Prep: 10min | Cooking: 25min
Complexity: 1/5
ingredients:
(serves 4)
2 tsp coconut oil
1 tsp ground ginger
1 tsp garlic powder
2-3 tbsp Thai red curry paste, or 2-3 tsp powder (or yellow curry powder if you don't have Thai curry paste or powder)
2 tsp flour
200ml coconut milk
200g vegetable stock
400g pre-cooked prawns
1 large carrot, chopped
2 large potatoes, diced
juice from 1/2 lime
1 tbsp fish sauce
1/2 tsp brown sugar
1 tbsp basil
1/2 red chilli, thinly sliced
2 tbsp fresh coriander, chopped
150g champignons, quartered or sliced
250g rice of choice
method:
Heat coconut oil in saucepan and simmer ginger and garlic powder.

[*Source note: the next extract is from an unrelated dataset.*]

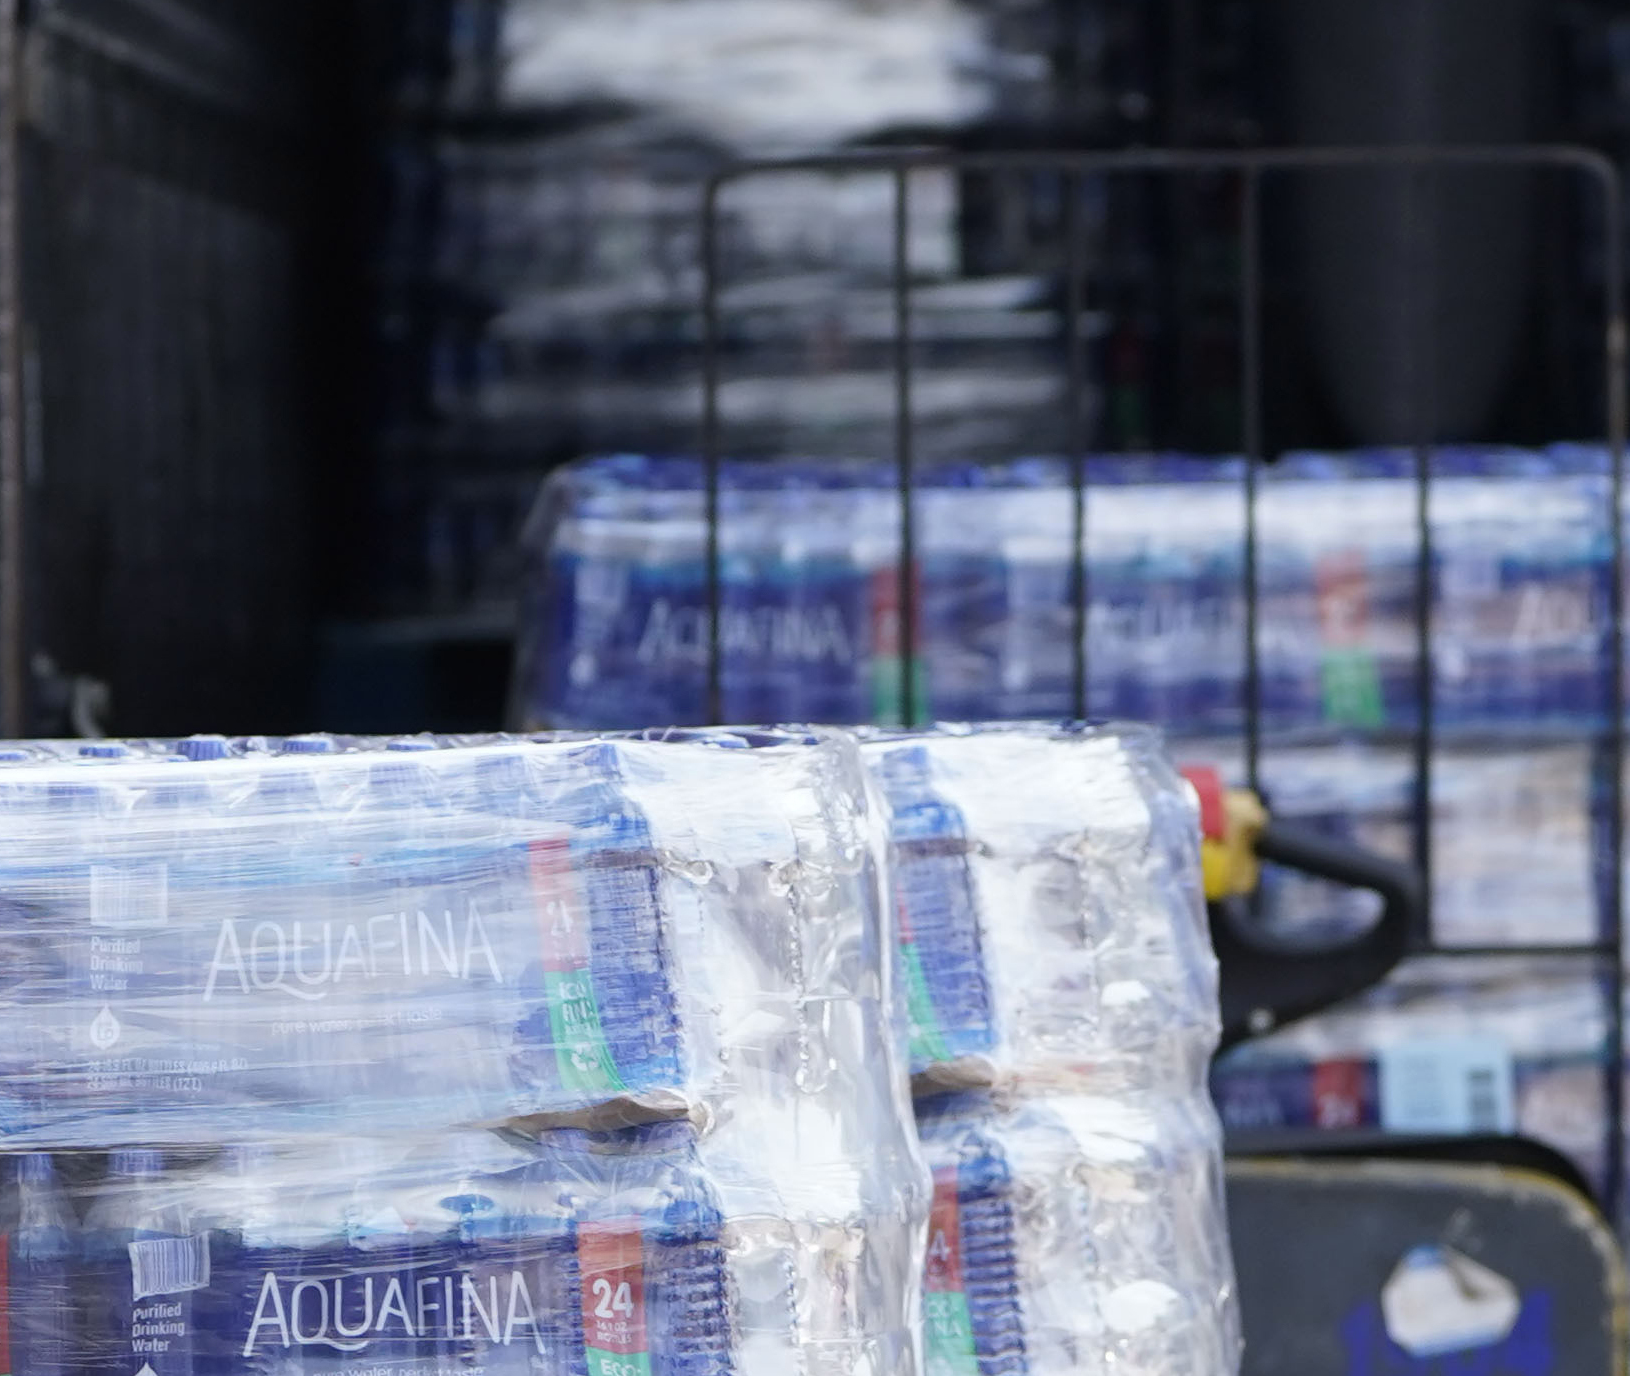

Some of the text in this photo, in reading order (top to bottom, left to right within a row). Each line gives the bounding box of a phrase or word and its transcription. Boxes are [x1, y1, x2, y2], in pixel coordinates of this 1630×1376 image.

Add curry paste/powder and the flour, and whisk until it becomes a paste (like when making a roux). Pour in the vegetable stock little by little as you continue whisking the paste so that there are no lumps, then pour in the coconut milk also, and bring to a simmer. Add the carrot and potatoes. Season with 1/2 tsp salt. Add the chilli and simmer, covered, 20 min.
Add fish sauce, brown sugar, herbs, mushrooms and prawns to the curry, and cook for 5 more min. Remove from heat and add lime juice. Season to taste if needed, with a little more salt.